(WHAT IS REQUIRED)
What is needed is an exact copy of all the entries below.

Referring expression grounding data

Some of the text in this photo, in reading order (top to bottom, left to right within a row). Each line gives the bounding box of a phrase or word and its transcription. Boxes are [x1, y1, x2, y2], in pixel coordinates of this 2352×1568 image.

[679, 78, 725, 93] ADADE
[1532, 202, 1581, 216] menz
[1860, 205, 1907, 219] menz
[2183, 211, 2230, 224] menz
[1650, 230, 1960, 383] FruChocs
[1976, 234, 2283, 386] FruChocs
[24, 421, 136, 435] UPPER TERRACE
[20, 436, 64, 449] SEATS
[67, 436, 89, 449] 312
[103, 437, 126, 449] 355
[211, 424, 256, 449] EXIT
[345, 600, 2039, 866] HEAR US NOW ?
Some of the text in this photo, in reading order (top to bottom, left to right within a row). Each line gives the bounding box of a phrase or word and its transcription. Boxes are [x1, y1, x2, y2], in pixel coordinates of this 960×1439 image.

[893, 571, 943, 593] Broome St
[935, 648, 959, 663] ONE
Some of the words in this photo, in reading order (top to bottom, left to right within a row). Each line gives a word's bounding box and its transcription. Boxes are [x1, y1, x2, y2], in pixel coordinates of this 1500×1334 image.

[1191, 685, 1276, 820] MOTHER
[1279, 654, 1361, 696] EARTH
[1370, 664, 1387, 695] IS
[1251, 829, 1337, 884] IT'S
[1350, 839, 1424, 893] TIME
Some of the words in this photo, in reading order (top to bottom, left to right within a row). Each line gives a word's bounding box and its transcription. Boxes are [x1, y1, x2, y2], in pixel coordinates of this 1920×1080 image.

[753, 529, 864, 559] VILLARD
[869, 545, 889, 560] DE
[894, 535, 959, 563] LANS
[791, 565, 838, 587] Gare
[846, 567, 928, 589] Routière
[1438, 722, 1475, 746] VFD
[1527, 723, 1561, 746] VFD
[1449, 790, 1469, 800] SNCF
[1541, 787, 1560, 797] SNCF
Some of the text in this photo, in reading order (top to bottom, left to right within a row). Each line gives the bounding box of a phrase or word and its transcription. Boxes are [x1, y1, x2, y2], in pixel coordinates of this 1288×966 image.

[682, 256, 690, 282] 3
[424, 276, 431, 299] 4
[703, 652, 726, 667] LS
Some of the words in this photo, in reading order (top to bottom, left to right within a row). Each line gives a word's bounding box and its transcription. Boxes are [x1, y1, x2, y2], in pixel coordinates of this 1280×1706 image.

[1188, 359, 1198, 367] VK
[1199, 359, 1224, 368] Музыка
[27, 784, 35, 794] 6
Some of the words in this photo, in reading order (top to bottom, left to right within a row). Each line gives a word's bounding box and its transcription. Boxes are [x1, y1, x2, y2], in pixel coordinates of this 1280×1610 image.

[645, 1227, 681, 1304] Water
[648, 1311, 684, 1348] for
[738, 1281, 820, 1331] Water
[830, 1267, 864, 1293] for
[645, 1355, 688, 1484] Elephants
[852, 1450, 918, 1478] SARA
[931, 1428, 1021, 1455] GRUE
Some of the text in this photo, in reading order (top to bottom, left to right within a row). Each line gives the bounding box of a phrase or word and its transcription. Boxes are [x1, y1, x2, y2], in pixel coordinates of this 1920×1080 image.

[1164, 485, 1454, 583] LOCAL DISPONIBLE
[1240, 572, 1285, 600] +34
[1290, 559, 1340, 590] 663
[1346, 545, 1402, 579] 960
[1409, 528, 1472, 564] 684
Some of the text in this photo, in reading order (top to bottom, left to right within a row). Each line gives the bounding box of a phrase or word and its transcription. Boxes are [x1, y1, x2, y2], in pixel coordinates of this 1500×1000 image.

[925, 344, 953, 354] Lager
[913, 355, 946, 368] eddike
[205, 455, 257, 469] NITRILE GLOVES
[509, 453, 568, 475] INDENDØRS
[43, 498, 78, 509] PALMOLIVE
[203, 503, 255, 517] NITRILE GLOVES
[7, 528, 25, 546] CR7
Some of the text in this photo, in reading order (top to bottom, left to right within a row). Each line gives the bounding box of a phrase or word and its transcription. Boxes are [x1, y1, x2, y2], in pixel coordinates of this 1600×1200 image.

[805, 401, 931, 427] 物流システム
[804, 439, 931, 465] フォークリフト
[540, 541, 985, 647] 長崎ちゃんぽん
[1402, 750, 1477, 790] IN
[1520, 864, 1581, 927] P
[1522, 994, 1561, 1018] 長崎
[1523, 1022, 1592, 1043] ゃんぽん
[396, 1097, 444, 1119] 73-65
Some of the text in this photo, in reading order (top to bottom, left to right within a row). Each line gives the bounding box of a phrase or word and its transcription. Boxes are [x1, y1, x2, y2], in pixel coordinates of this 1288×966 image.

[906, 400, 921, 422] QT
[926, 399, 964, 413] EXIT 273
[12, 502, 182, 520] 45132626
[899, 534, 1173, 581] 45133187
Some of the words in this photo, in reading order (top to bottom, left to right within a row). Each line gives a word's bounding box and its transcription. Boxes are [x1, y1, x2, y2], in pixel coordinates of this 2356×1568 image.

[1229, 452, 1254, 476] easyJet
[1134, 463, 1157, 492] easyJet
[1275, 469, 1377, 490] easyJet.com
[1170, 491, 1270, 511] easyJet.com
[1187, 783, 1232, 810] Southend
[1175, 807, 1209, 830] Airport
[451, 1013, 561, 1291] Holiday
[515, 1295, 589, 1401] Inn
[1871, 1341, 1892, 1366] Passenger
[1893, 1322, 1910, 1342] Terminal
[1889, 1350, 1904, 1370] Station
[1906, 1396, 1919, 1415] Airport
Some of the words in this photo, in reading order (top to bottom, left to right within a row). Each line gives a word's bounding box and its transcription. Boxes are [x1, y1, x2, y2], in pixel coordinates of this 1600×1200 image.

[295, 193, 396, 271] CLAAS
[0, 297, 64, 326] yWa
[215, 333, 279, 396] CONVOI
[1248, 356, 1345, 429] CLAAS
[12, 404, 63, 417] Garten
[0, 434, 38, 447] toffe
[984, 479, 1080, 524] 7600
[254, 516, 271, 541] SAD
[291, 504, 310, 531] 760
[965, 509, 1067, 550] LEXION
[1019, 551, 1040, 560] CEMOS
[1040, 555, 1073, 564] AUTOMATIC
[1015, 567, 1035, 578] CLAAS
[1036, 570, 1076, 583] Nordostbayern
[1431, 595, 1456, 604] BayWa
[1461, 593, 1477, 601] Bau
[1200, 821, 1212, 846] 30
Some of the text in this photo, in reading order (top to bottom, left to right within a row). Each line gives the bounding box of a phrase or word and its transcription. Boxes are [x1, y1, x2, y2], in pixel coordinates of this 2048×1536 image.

(WRITTEN RESPONSE)
Some of the text in this photo, in reading order (top to bottom, left to right within a row). Each line gives the bounding box of a phrase or word and its transcription. Boxes are [x1, y1, x2, y2], in pixel coordinates of this 2352×1568 image.

[679, 78, 725, 93] ADADE
[1532, 202, 1581, 216] menz
[1860, 205, 1907, 219] menz
[2183, 211, 2230, 224] menz
[1650, 230, 1960, 383] FruChocs
[1976, 234, 2283, 386] FruChocs
[24, 421, 136, 435] UPPER TERRACE
[20, 436, 64, 449] SEATS
[67, 436, 89, 449] 312
[103, 437, 126, 449] 355
[211, 424, 256, 449] EXIT
[345, 600, 2039, 866] HEAR US NOW ?
Some of the text in this photo, in reading order (top to bottom, left to right within a row). Each line gives the bounding box of a phrase or word and its transcription. Boxes are [x1, y1, x2, y2], in pixel coordinates of this 960×1439 image.

[893, 571, 943, 593] Broome St
[935, 648, 959, 663] ONE
Some of the words in this photo, in reading order (top to bottom, left to right within a row). Each line gives a word's bounding box and its transcription. Boxes are [x1, y1, x2, y2], in pixel coordinates of this 1500×1334 image.

[1191, 685, 1276, 820] MOTHER
[1279, 654, 1361, 696] EARTH
[1370, 664, 1387, 695] IS
[1251, 829, 1337, 884] IT'S
[1350, 839, 1424, 893] TIME
Some of the words in this photo, in reading order (top to bottom, left to right within a row). Each line gives a word's bounding box and its transcription. Boxes are [x1, y1, x2, y2], in pixel coordinates of this 1920×1080 image.

[753, 529, 864, 559] VILLARD
[869, 545, 889, 560] DE
[894, 535, 959, 563] LANS
[791, 565, 838, 587] Gare
[846, 567, 928, 589] Routière
[1438, 722, 1475, 746] VFD
[1527, 723, 1561, 746] VFD
[1449, 790, 1469, 800] SNCF
[1541, 787, 1560, 797] SNCF
Some of the text in this photo, in reading order (top to bottom, left to right within a row). Each line gives the bounding box of a phrase or word and its transcription. Boxes are [x1, y1, x2, y2], in pixel coordinates of this 1288×966 image.

[682, 256, 690, 282] 3
[424, 276, 431, 299] 4
[703, 652, 726, 667] LS
Some of the words in this photo, in reading order (top to bottom, left to right within a row). Each line gives a word's bounding box and its transcription. Boxes are [x1, y1, x2, y2], in pixel coordinates of this 1280×1706 image.

[1188, 359, 1198, 367] VK
[1199, 359, 1224, 368] Музыка
[27, 784, 35, 794] 6
Some of the words in this photo, in reading order (top to bottom, left to right within a row). Each line gives a word's bounding box and its transcription. Boxes are [x1, y1, x2, y2], in pixel coordinates of this 1280×1610 image.

[645, 1227, 681, 1304] Water
[648, 1311, 684, 1348] for
[738, 1281, 820, 1331] Water
[830, 1267, 864, 1293] for
[645, 1355, 688, 1484] Elephants
[852, 1450, 918, 1478] SARA
[931, 1428, 1021, 1455] GRUE
Some of the text in this photo, in reading order (top to bottom, left to right within a row). Each line gives the bounding box of a phrase or word and its transcription. Boxes are [x1, y1, x2, y2], in pixel coordinates of this 1920×1080 image.

[1164, 485, 1454, 583] LOCAL DISPONIBLE
[1240, 572, 1285, 600] +34
[1290, 559, 1340, 590] 663
[1346, 545, 1402, 579] 960
[1409, 528, 1472, 564] 684
Some of the text in this photo, in reading order (top to bottom, left to right within a row). Each line gives the bounding box of a phrase or word and its transcription. Boxes are [x1, y1, x2, y2], in pixel coordinates of this 1500×1000 image.

[925, 344, 953, 354] Lager
[913, 355, 946, 368] eddike
[205, 455, 257, 469] NITRILE GLOVES
[509, 453, 568, 475] INDENDØRS
[43, 498, 78, 509] PALMOLIVE
[203, 503, 255, 517] NITRILE GLOVES
[7, 528, 25, 546] CR7
Some of the text in this photo, in reading order (top to bottom, left to right within a row). Each line gives the bounding box of a phrase or word and its transcription. Boxes are [x1, y1, x2, y2], in pixel coordinates of this 1600×1200 image.

[805, 401, 931, 427] 物流システム
[804, 439, 931, 465] フォークリフト
[540, 541, 985, 647] 長崎ちゃんぽん
[1402, 750, 1477, 790] IN
[1520, 864, 1581, 927] P
[1522, 994, 1561, 1018] 長崎
[1523, 1022, 1592, 1043] ゃんぽん
[396, 1097, 444, 1119] 73-65
Some of the text in this photo, in reading order (top to bottom, left to right within a row). Each line gives the bounding box of a phrase or word and its transcription. Boxes are [x1, y1, x2, y2], in pixel coordinates of this 1288×966 image.

[906, 400, 921, 422] QT
[926, 399, 964, 413] EXIT 273
[12, 502, 182, 520] 45132626
[899, 534, 1173, 581] 45133187
Some of the words in this photo, in reading order (top to bottom, left to right within a row). Each line gives a word's bounding box and its transcription. Boxes are [x1, y1, x2, y2], in pixel coordinates of this 2356×1568 image.

[1229, 452, 1254, 476] easyJet
[1134, 463, 1157, 492] easyJet
[1275, 469, 1377, 490] easyJet.com
[1170, 491, 1270, 511] easyJet.com
[1187, 783, 1232, 810] Southend
[1175, 807, 1209, 830] Airport
[451, 1013, 561, 1291] Holiday
[515, 1295, 589, 1401] Inn
[1871, 1341, 1892, 1366] Passenger
[1893, 1322, 1910, 1342] Terminal
[1889, 1350, 1904, 1370] Station
[1906, 1396, 1919, 1415] Airport
Some of the words in this photo, in reading order (top to bottom, left to right within a row). Each line gives a word's bounding box and its transcription. Boxes are [x1, y1, x2, y2], in pixel coordinates of this 1600×1200 image.

[295, 193, 396, 271] CLAAS
[0, 297, 64, 326] yWa
[215, 333, 279, 396] CONVOI
[1248, 356, 1345, 429] CLAAS
[12, 404, 63, 417] Garten
[0, 434, 38, 447] toffe
[984, 479, 1080, 524] 7600
[254, 516, 271, 541] SAD
[291, 504, 310, 531] 760
[965, 509, 1067, 550] LEXION
[1019, 551, 1040, 560] CEMOS
[1040, 555, 1073, 564] AUTOMATIC
[1015, 567, 1035, 578] CLAAS
[1036, 570, 1076, 583] Nordostbayern
[1431, 595, 1456, 604] BayWa
[1461, 593, 1477, 601] Bau
[1200, 821, 1212, 846] 30
Some of the text in this photo, in reading order (top to bottom, left to right within a row). Each line gives the bounding box of a phrase or word and its transcription. Boxes are [x1, y1, x2, y2], in pixel coordinates of this 2048×1536 image.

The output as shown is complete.